14/10/2011 – Automobilismo
Pela segunda vez em sua história, a Fórmula 1 vai à Coreia do Sul para disputar um GP. Para este ano, a pista sofreu diversas melhorias, após os aprendizados obtidos na edição inaugural, quando a pista não havia sido totalmente finalizada.
De acordo com as informações da Federação Internacional de Automobilismo (FIA), diversas mudanças foram feitas para melhorar as margens e as zebras do circuito coreano. Outra alteração importante é a mudança do muro que vai das curvas 16 a 18. A proteção foi movida para trás, afastada do traçado, para que os pilotos tenham uma melhor visibilidade.

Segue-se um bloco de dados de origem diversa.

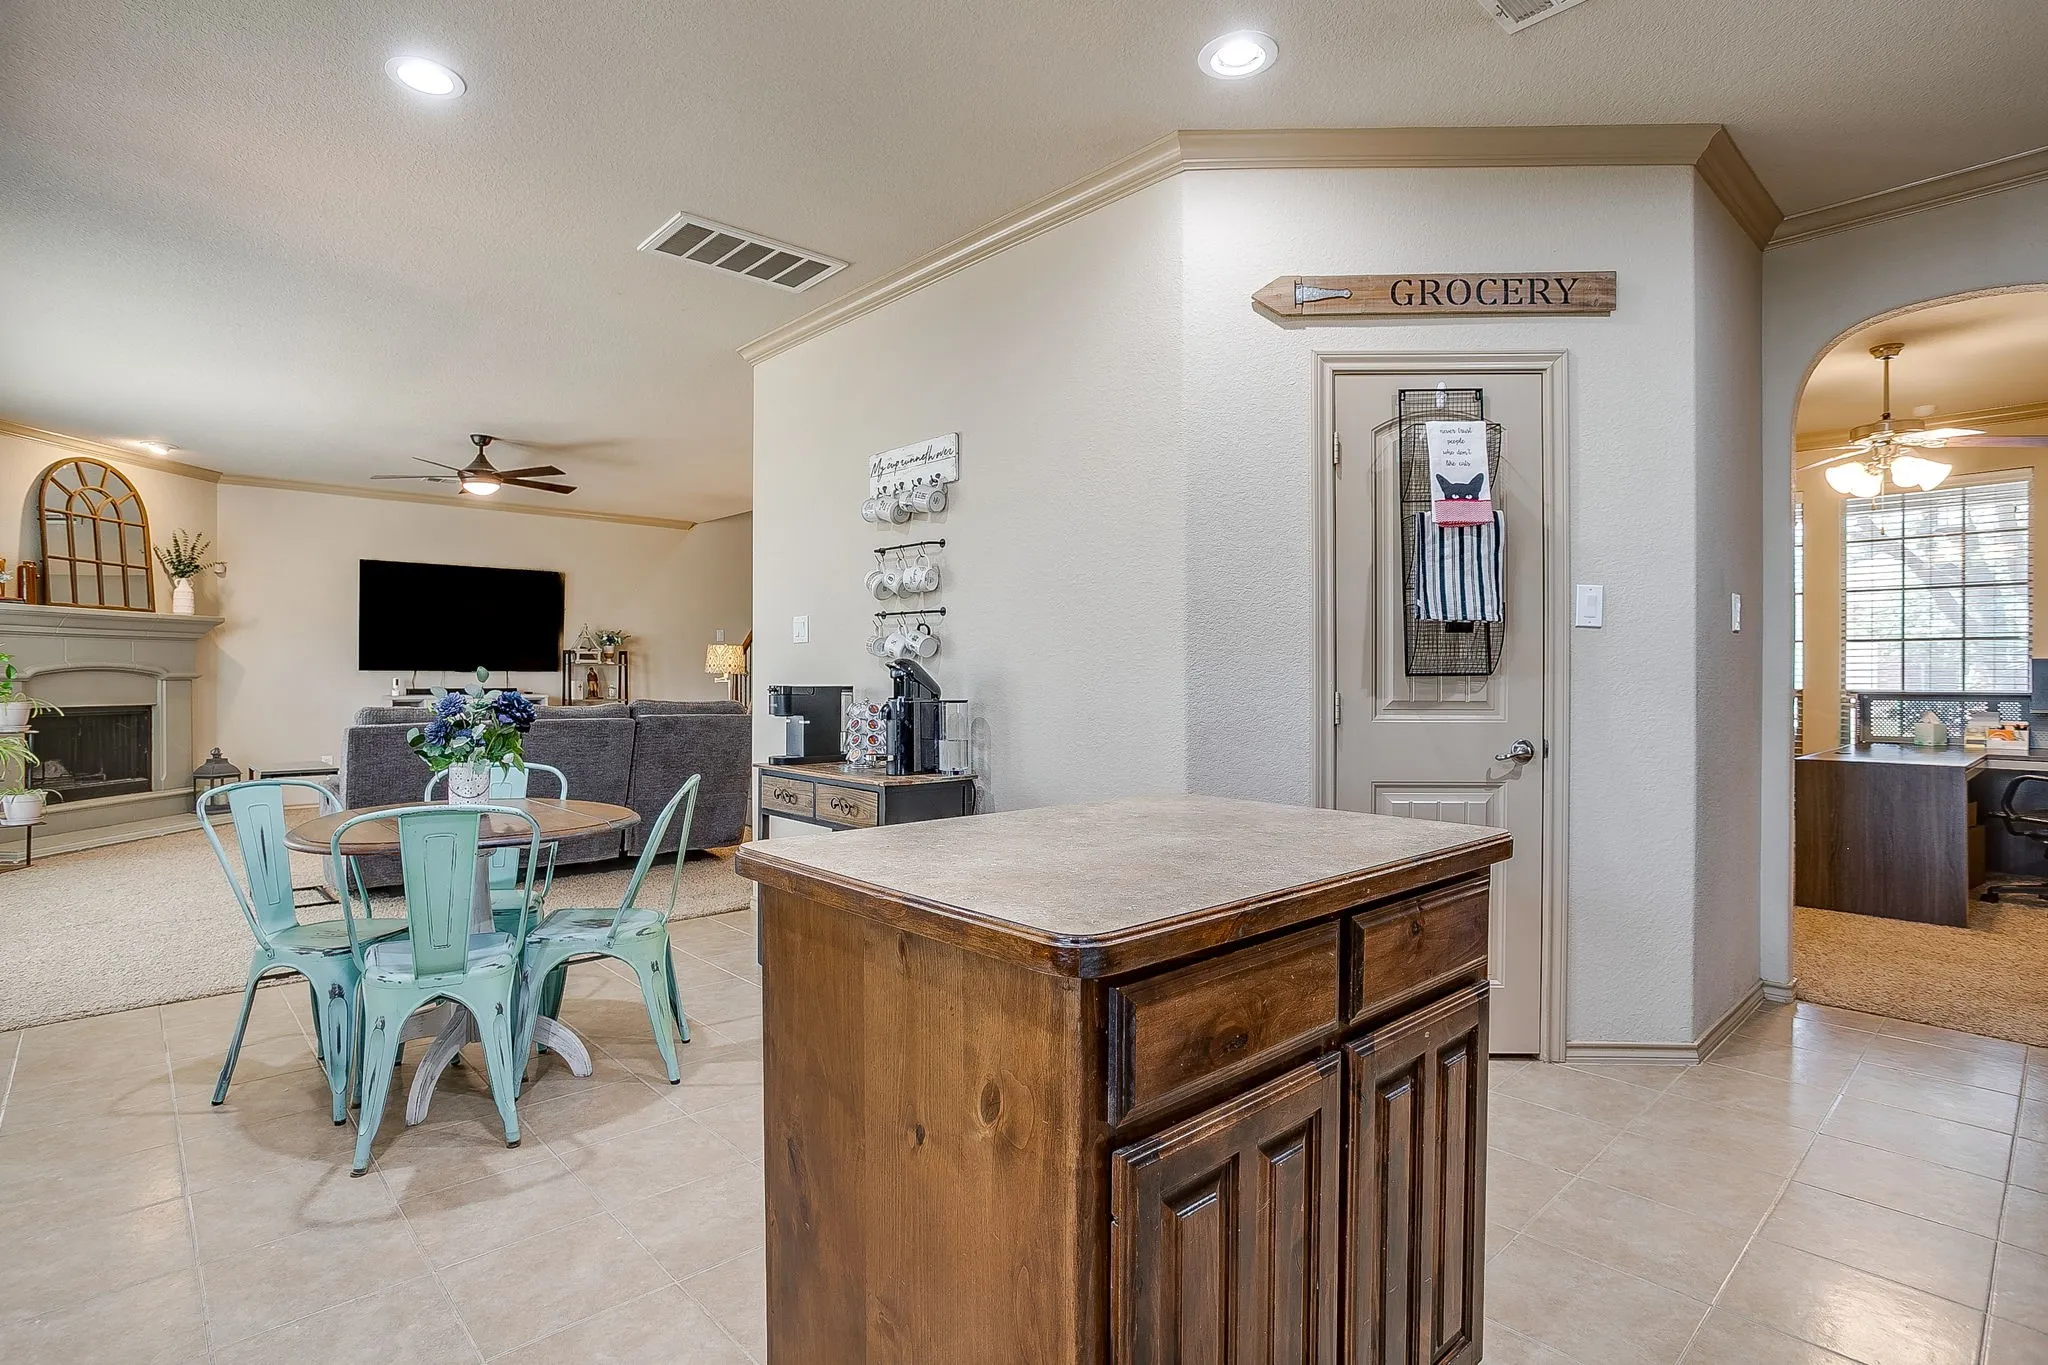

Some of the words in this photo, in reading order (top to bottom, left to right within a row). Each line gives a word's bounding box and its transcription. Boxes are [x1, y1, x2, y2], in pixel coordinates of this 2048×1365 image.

[1391, 278, 1579, 306] GROCERY
[1447, 437, 1465, 445] people
[870, 458, 886, 482] My
[887, 460, 900, 476] cup
[936, 447, 954, 459] over
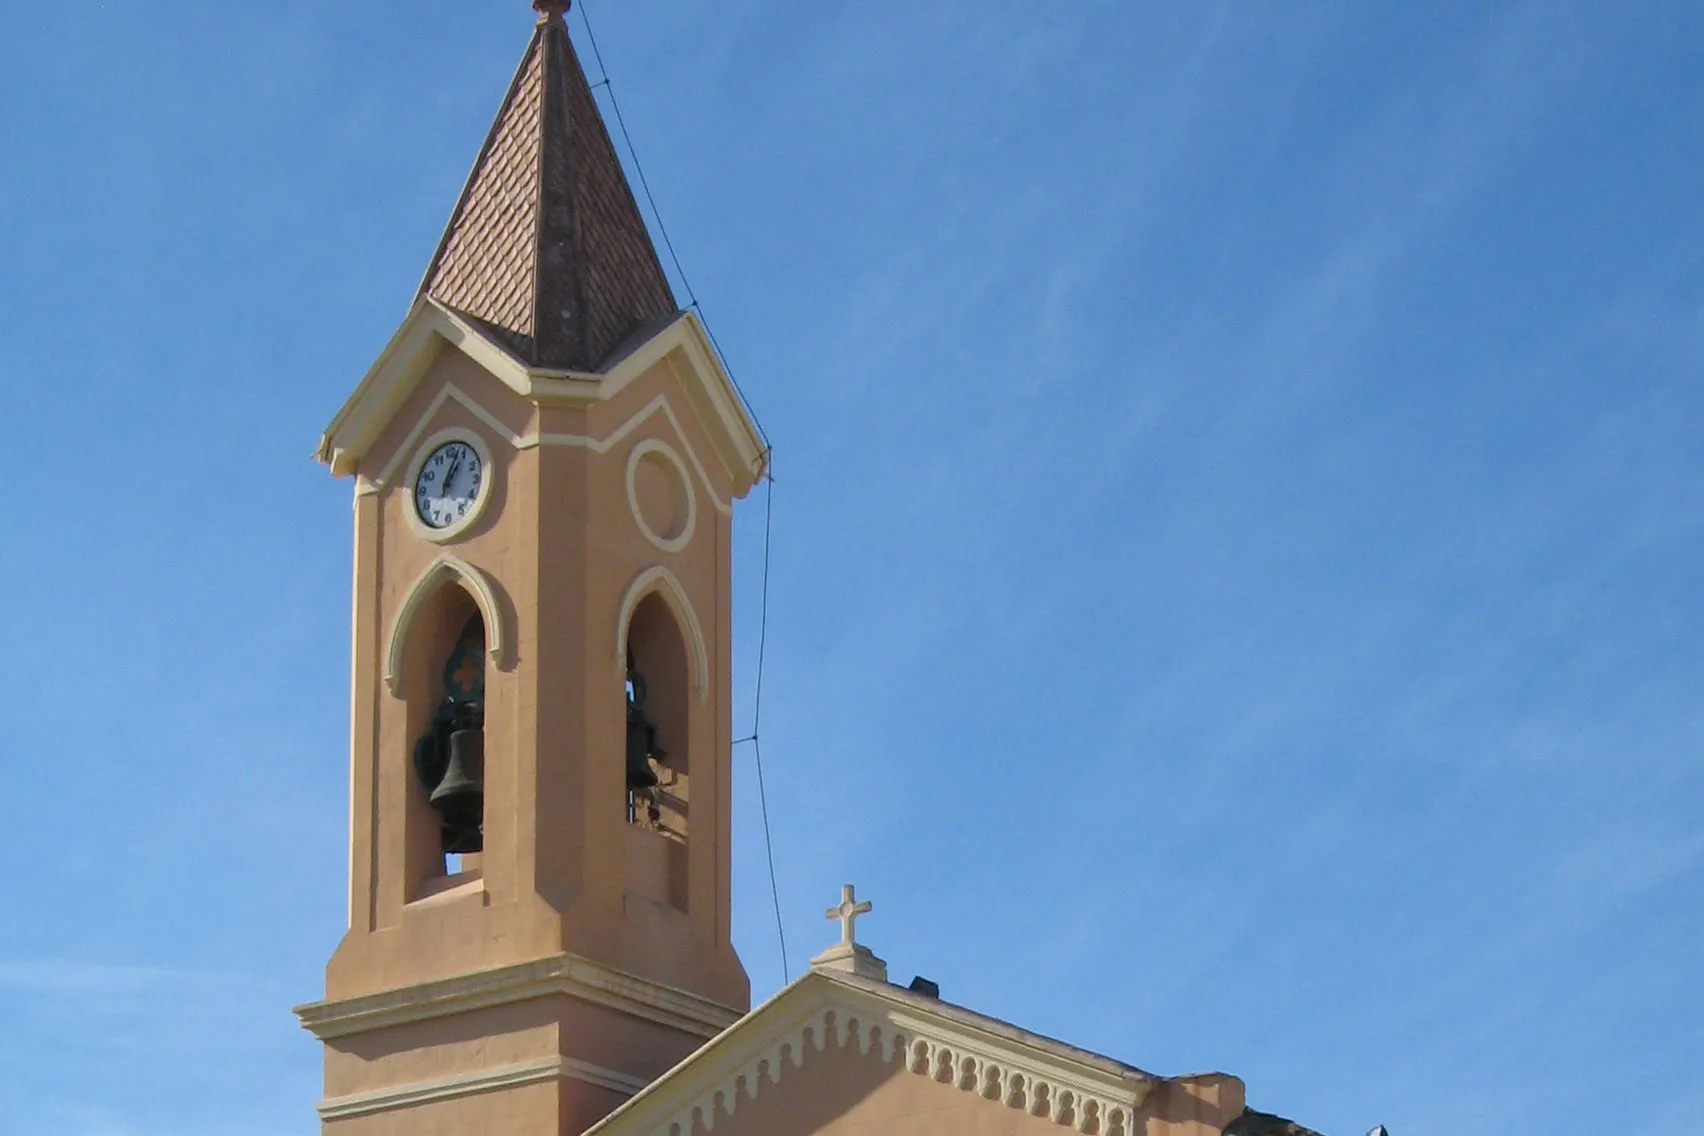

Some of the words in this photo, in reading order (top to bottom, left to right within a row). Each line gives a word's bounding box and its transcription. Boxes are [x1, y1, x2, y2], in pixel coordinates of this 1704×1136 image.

[461, 448, 466, 460] 1
[469, 460, 475, 471] 2
[423, 471, 434, 482] 10
[434, 510, 441, 521] 7
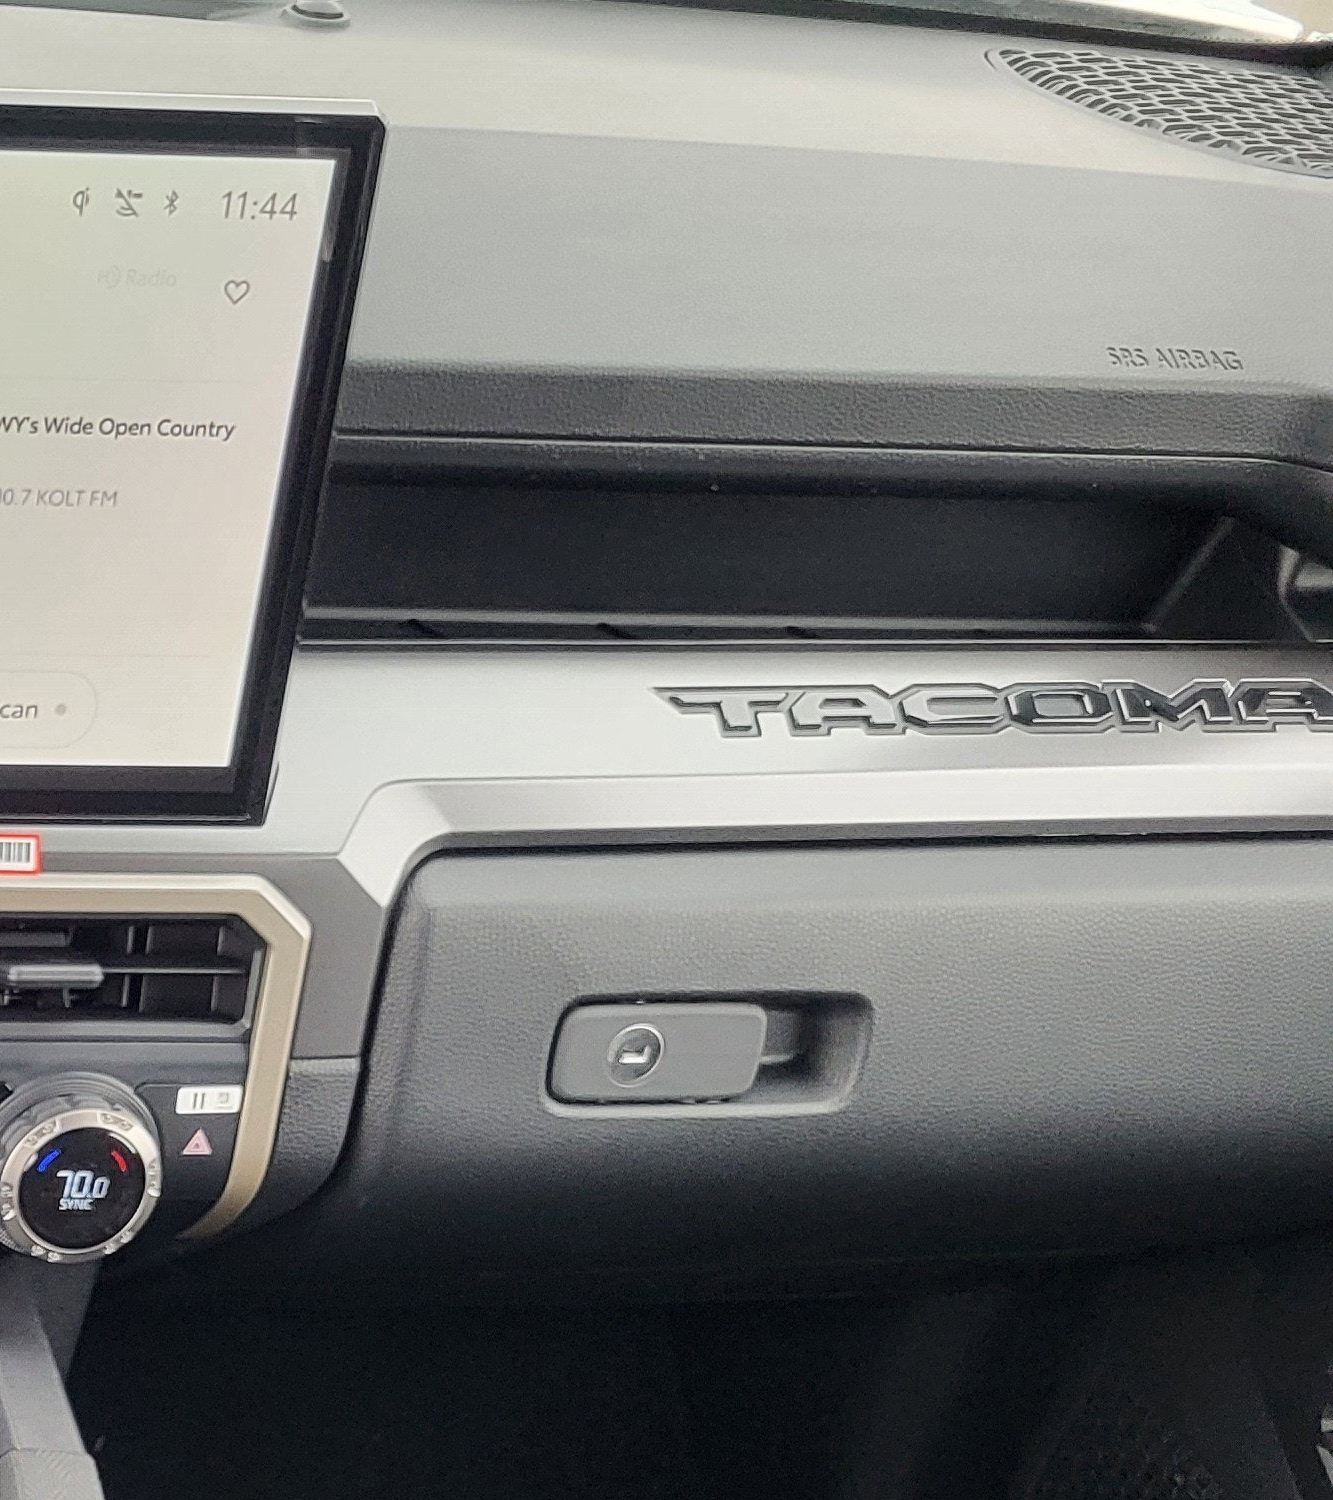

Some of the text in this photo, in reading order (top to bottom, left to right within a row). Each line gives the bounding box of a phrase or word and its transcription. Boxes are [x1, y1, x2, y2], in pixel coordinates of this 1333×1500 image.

Confira uma análise técnica do circuito coreano feita por Luiz Razia, terceiro piloto do Team Lotus na F-1. Para ele, os pneus escolhidos pela Pirelli não são ideais para a prova e a estratégia deve girar em torno de três paradas, com Red Bull e McLaren levando a melhor no segundo e terceiro setores, por conta da exigência aerodinâmica.
Motor
"A Coreia tem três retas importantes, que exigem bastante dos motores e tambem de velocidade final. Acredito que a Force India deve mostrar pontos fortes no primeiro setor."
Pneus
"A Pirelli escalou os compostos mole e o super mole, mas creio que não seria a pista para essa escolha. Porém podemos ter uma surpresa com o tipo de asfalto. Acredito que poderiamos ter três paradas no minimo. Até quatro paradas pode ser cogitado, caso aconteça algum equívoco no acerto do carro"
Aerodinâmica
"No primeiro setor, é preciso um carro rápido nas retas; já no segundo, o mais importante é pressão aerodinamica: veremos Red Bull e McLaren bastante fortes no segundo e terceiro setores, onde a media de velocidade de curvas aumenta consideravelmente em comparaçao ao primeiro setor."
Freios
"É preciso esquentar bem os freios antes de começar a volta. A primeira curva exige bastante para a primeira freada depois de uma longa reta, porém o circuito não tem um alto consumo dos materiais."
Estrategia com Pneus/Kers/DRS
"De acordo com meus dados, no ano passado, nos treinos livres, tivemos um grande gasto dos pneus. Porém. a corrida foi na chuva, por isso nao é possivel prever com precisão o que pode acontecer, mas com os simuladores é possível entender que a degradação aqui vai ser alta por dois motivos: a pista esta muito suja e nao foi usada o ano inteiro, além de ter muitas curvas de alta velocidade o que provoca bastante degradação. O DRS é importante ativá-lo no ponto certo, sempre na saida das curvas, com as retas longas. Se o piloto ativar dez metros depois de 100% no acelerador, isso pode custar algum tempo na qualificação. Ja na corrida, o DRS tornará o concorrente uma presa fácil. O Kers, por sua vez, pode produzir no maximo 0s234 por volta! Nao é tão grande quanto esperávamos e a largada aqui tambem nao é uma grande vantagem."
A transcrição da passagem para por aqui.